Experienced Big Data consultant worked on heavy data load Bigdata projects for multiple clients of Banking, Healthcare, Supply chain, E-Commerce, and Retail Domain.

Experiences

Senior Big Data Consultant

2019 - Present
DBS Bank, Singapore​

Working as Lead for Ingestion framework team of 5 developers and maintaining two Ingestion frameworks running 1000s of daily ingestions in six environments along with its related services.

  • Successfully released a new generation of metadata driven ingestion framework with user interface during this time of pandemic. Developed jobs and utilities to migrate old clusters to new clusters.
  • Working with architect and project manager to discuss and deliver new features and enhancements
  • Responsible for delivery of stories in sprint and backlog grooming.

Digital Data Consultant

2017 - 2019
Accenture AI, India

Worked with one of the largest banks in APAC to build an Enterprise Big Data Platform using open source tools and a design principle focused on flexibility and transparency.

  • Lead a team of 5 developers from offshore and helped project teams with Ingestion issues and queries.
  • Worked on Spark based Ingestion framework. Developed and maintained jenkins pipelines.
  • Develop a test framework to automated testing of use cases.
  • Worked on Talend based Ingestion framework for data ingestion into data lake. I worked on features like Rest API ingestion and Json data parser.
  • Worked on IBM MQ and Kafka based streaming Ingestion POC on top of Pivotal Cloud Foundry and hadoop cluster. As a part of this, I also worked on xml to text parser to convert xml messages from MQ

Associate Consultant

2016 - 2017
CoreCompete LLP, India

Worked on a ​forecasting based inventory management platform for a leading automotive aftermarket parts provider in the USA for ​Inventory​ replenishment.

  • Developed aws emr based spark modules for replenishing stores in a store family due to Assortment change, Route change and Store close.
  • Developed PySpark framework to run SQL files in spark cluster.
  • Developed automated script to launch aws emr cluster along with required input hive tables.
  • Worked on a migration project of SAS to Hadoop based data pipeline.
    • Worked on converting SAS to Hive & Spark based data pipelines.
    • Develop SQOOP based scripts to automate data loading from databases like SAP HANA, DB2, SQLServer etc.
  • Worked with the SAS Data Science team to prepare data pipelines using pyspark,Spark SQL in AWS Cluster.
  • Consult/Help/guide peers on big data related problems and solutions.
  • Help on debugging issues in hadoop, Hive, Spark jobs.
  • Involved in Big Data engineer recruitment pane

Senior Software Engineer

2013 - 2016
Zaloni Technologies, India

Zaloni has a data management and governance tool named Bedrock, which helped in managing data ingestion pipelines and its metadata. I worked on the first production project of Bedrock and successfully deployed to a Fortune 500 healthcare company.
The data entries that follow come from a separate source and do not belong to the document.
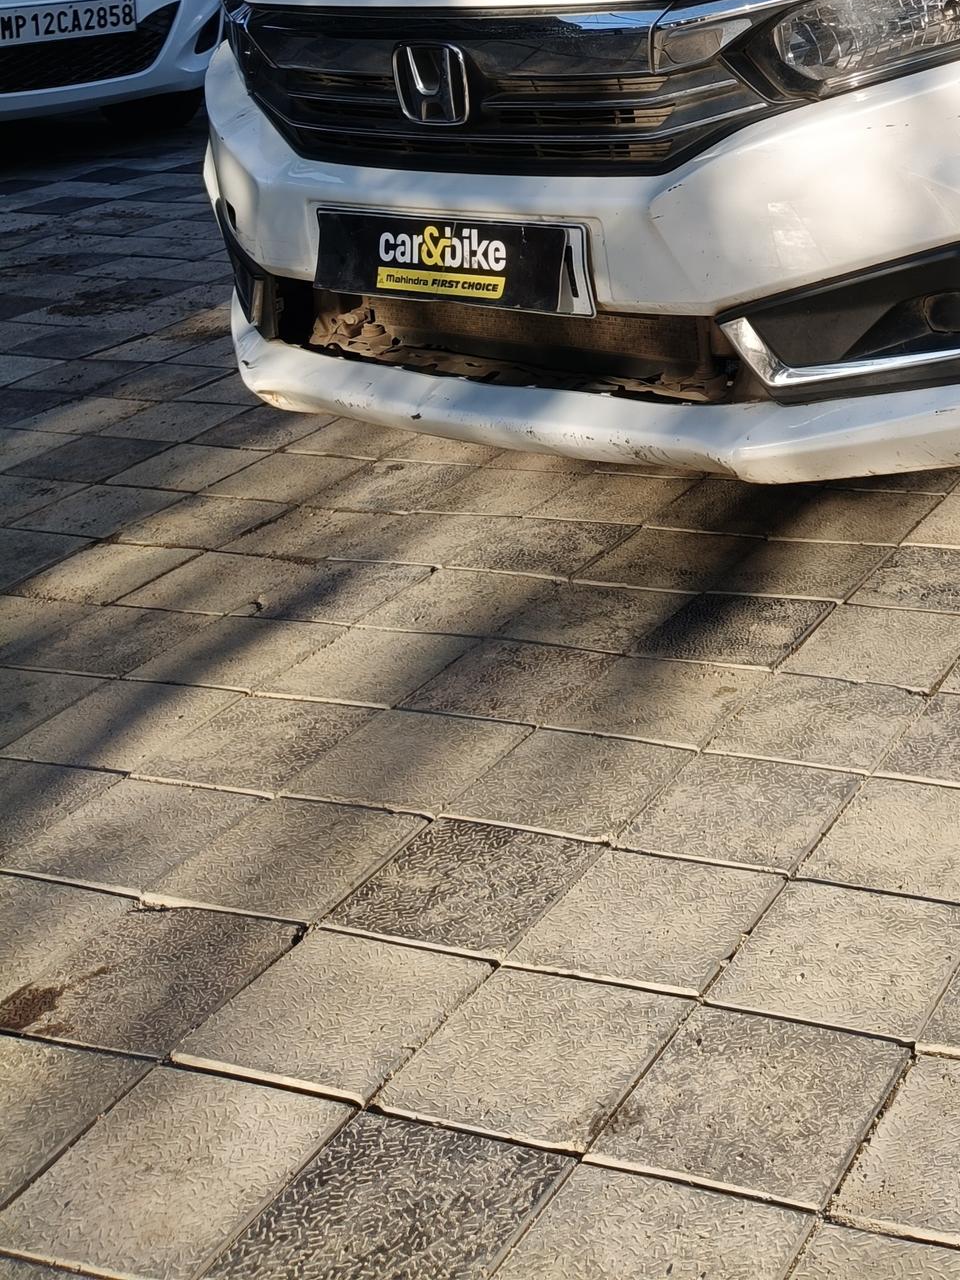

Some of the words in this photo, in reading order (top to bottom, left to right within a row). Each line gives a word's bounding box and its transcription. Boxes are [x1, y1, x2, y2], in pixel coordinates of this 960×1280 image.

[0, 4, 133, 40] MP12CA2858
[379, 225, 507, 271] car&bike
[385, 274, 429, 286] Mahindra
[431, 278, 461, 289] FIRST
[461, 281, 499, 292] CHOICE
  • Developed Map Reduce based framework for data ingestion in Bedrock having features of record counting, tokenization, watermarking, Schema validation and file duplications check..
  • Developed a shell script based framework for data extraction from database sources using SQOOP , Hive, Hcatalog etc. supporting full load and Incremental loads on top of Bedrock tool
  • Worked as tech lead for many data offloading projects and POCs using Bedrock.
  • Worked on a project to migrate and merge all existing data ingestion pipelines to merge hadoop map reduce workflow

Software Engineer

2012 - 2013
Imababa Solutions and Services, India

As a Startup company, I worked on a lot of POCs and product concepts.
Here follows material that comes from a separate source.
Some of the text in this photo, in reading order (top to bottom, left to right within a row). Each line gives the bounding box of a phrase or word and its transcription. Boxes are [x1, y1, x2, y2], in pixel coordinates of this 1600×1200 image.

  • Involved in requirement gathering and technical discussion to formulate development plans.
  • Developed web applications and backend modules.
  • Helped frontend developers with necessary apis.
  • Contributed to discussion while designing database models.

Technical Skills

Java , SQL, Scala, Python, Groovy, Shell Script, SAS Base

Spark, Kafka, Hadoop, Hbase, PySpark, Airflow, Talend, S3, Hive, Sqoop, Hue, Ranger, Avro, Parquet, Snappy , Oozie etc.

CDH, AWS, HDP, Map​R​, PHD, Alluxio etc.

Jenkins, OpenShift, Pivotal Cloud Foundry ,Git, Maven, Jenkins, Jira, Bitbucket, Collibra.